Here my Scott Scale Plus 710 custom build 24.19 lbs.

Sent from my iPhone using Tapatalk


----------



## BansheeRune (Nov 27, 2011)

Here's the Sergeant the day of adoption...

TEN-HUT!!!


----------



## slower_than_u (Sep 28, 2008)

Nice Sergeant! Here's a shot of mine taken right after assembly last November. The more I ride it, the more I like it.


----------



## BansheeRune (Nov 27, 2011)

Hey Slower, nice to see another Sgt. 
I have a set of Scrapers out for anodizing and will be using a set of orange hope hubs to give it some pizzaz.

Fuel economy 6-7 miles per sandwich!


----------



## willembad (Feb 2, 2013)




----------



## Guest (Mar 19, 2016)

Some awfully sweet rides in here.


----------



## Guest (Mar 19, 2016)

*2016 heckler*

A 27.5 but had a 26 wheelset built for 26+ for now but most likely also 650b+ in the coming months since the frame is generous clearance wise.


----------



## jkad (Dec 29, 2005)

*fuse*

basically stock fuse comp,(for now) swapped out the bars 
its a nice ride!


----------



## saddle pimp (Apr 29, 2010)

Anyone have tried 27.5+ on a Santa Cruz Highball V1? thanks


----------



## Gigantic (Aug 31, 2012)

Salsa Bucksaw in summer trim:


----------



## wrigleyintherockies (Feb 17, 2016)

*Ibis M3*

Here's my new Ibis Mojo 3.... a few rides in and so far it is SICK! Just a super fun bike and very capable climber


----------



## gravelynp (Aug 28, 2009)

Here's my Santa Cruz Hightower with Roval Traverse 38 SL carbon boost wheels,
Wtb Bridger 3.0 front, Wtb Trailblazer 2.8 rear
and XTR m970 pedals
28.5 lbs complete with Garmin Edge 500


































Sent from my iPhone using Tapatalk


----------



## slower_than_u (Sep 28, 2008)

My Sergeant got some new Nextie shoes.


----------



## BansheeRune (Nov 27, 2011)

slower_than_u said:


> My Sergeant got some new Nextie shoes.
> View attachment 1061195


Looking good, Slower!

I have a pair of Scrapers out for anno. Can't wait to get them laced up with hope boost hubs in orange and orange rims with blue nipples.


----------



## lazymuf (Jan 30, 2011)

slower_than_u said:


> My Sergeant got some new Nextie shoes.
> View attachment 1061195


Hi nice bike and can i know the sizing and your ht...iam in between size M n L...thanks.


----------



## slower_than_u (Sep 28, 2008)

lazymuf said:


> Hi nice bike and can i know the sizing and your ht...iam in between size M n L...thanks.

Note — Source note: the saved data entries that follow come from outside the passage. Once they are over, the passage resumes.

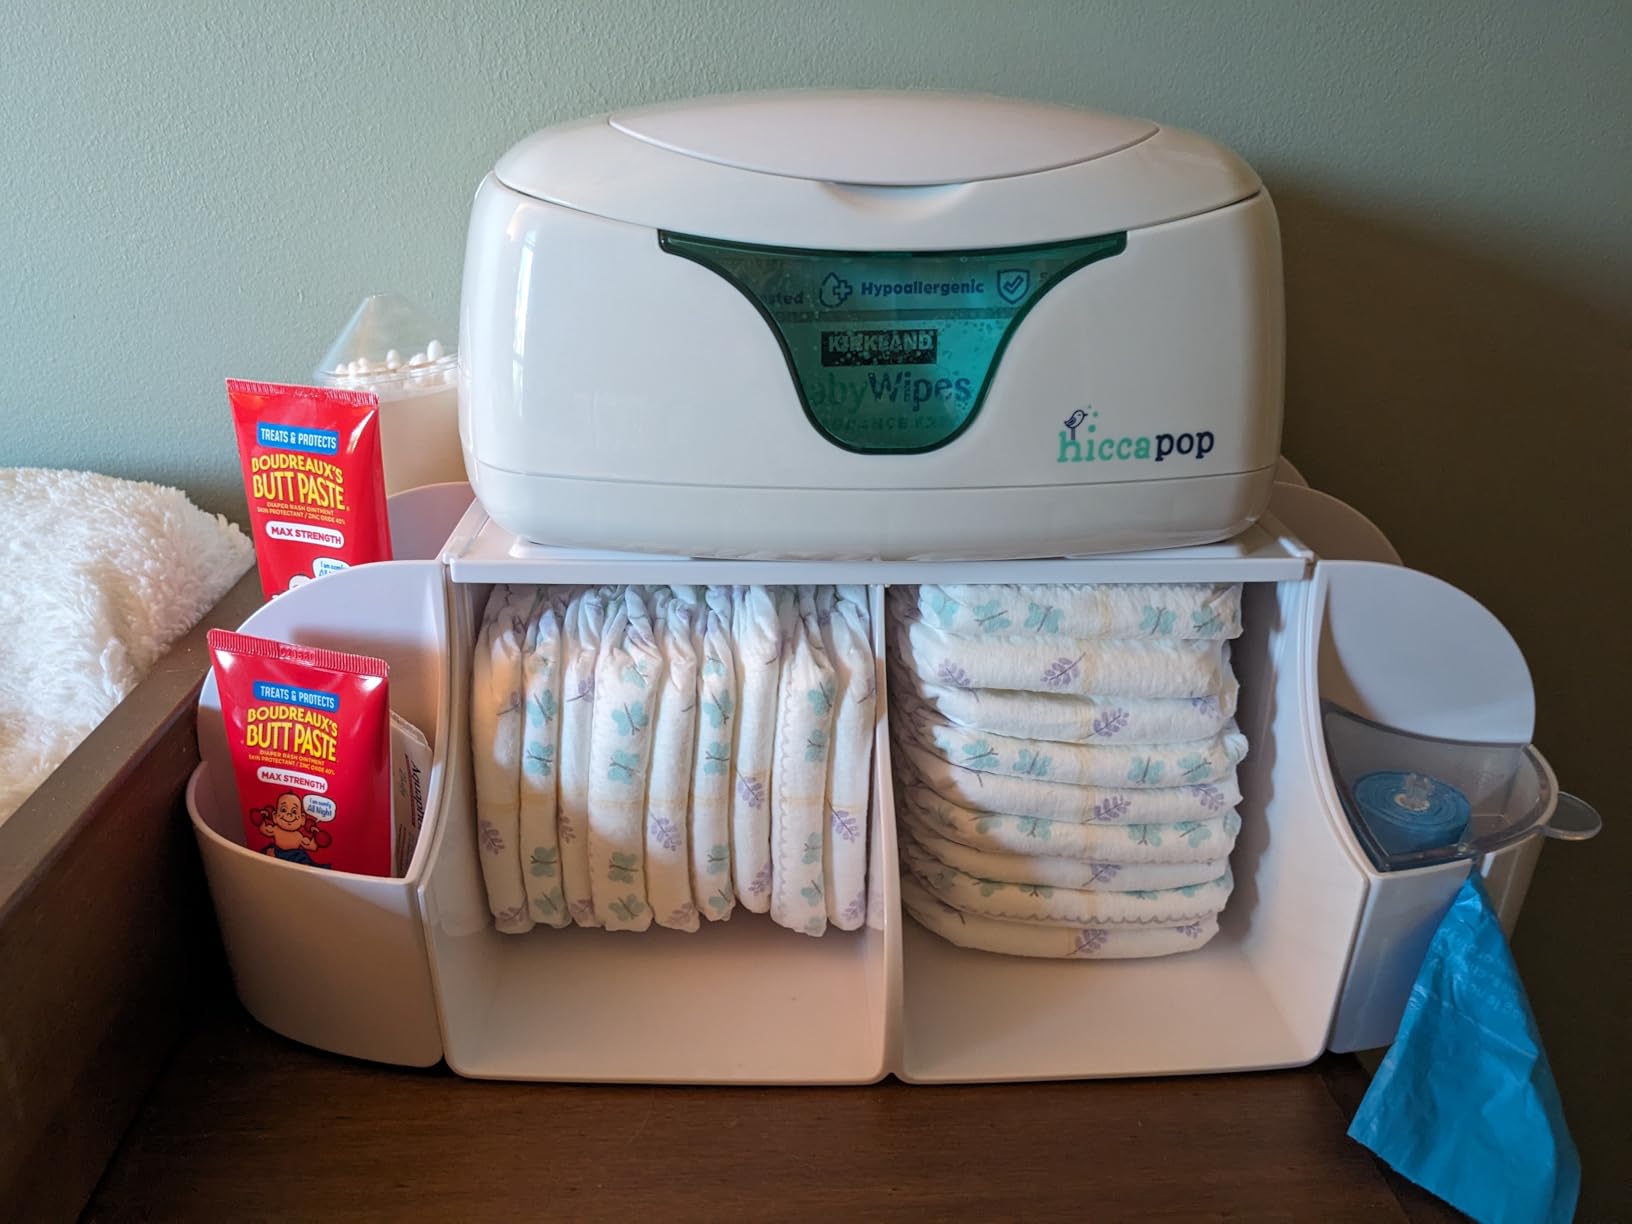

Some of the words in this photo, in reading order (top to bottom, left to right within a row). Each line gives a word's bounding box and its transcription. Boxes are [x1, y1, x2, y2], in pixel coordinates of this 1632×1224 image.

[860, 279, 985, 298] Hypoallergenic
[828, 332, 933, 353] KIRKLAND
[261, 427, 289, 444] TREATS
[290, 432, 296, 444] &
[298, 432, 337, 450] PROTECTS
[1057, 424, 1215, 463] hiccapop
[251, 453, 344, 484] BOUDREAUX'S
[252, 471, 295, 502] BUTT
[297, 473, 346, 511] PASTE
[267, 501, 289, 509] DIAPER
[269, 507, 304, 518] PROTECTANT
[271, 526, 294, 537] MAX
[295, 529, 342, 545] STRENGTH
[260, 685, 289, 701] TREATS
[291, 690, 297, 701] &
[298, 691, 335, 709] PROTECTS
[247, 706, 338, 738] BOUDREAUX'S
[246, 722, 292, 752] BUTT
[294, 724, 337, 763] PASTE
[260, 749, 281, 757] DIAPER
[282, 752, 298, 760] RASH
[298, 755, 325, 766] OINTMENT
[261, 755, 295, 766] PROTECTANT
[261, 771, 282, 781] MAX
[283, 775, 326, 791] STRENGTH
[307, 804, 315, 813] All
[315, 805, 332, 817] Night

I'm 6'0" and that's a large frame.

Everybody has a different opinion on this but I would recommend the smaller frame size for those "in between".


----------



## lazymuf (Jan 30, 2011)

slower_than_u said:


> I'm 6'0" and that's a large frame.
> 
> Everybody has a different opinion on this but I would recommend the smaller frame size for those "in between".


Thanks Dude


----------



## BansheeRune (Nov 27, 2011)

Lazymuf, 

As a fellow Sergeant owner, gotta ask about your riding style. Do you like to play, jump etc.?
The Sergeant is kinda long in the front, but it's a wheelie factory that can still climb very well. 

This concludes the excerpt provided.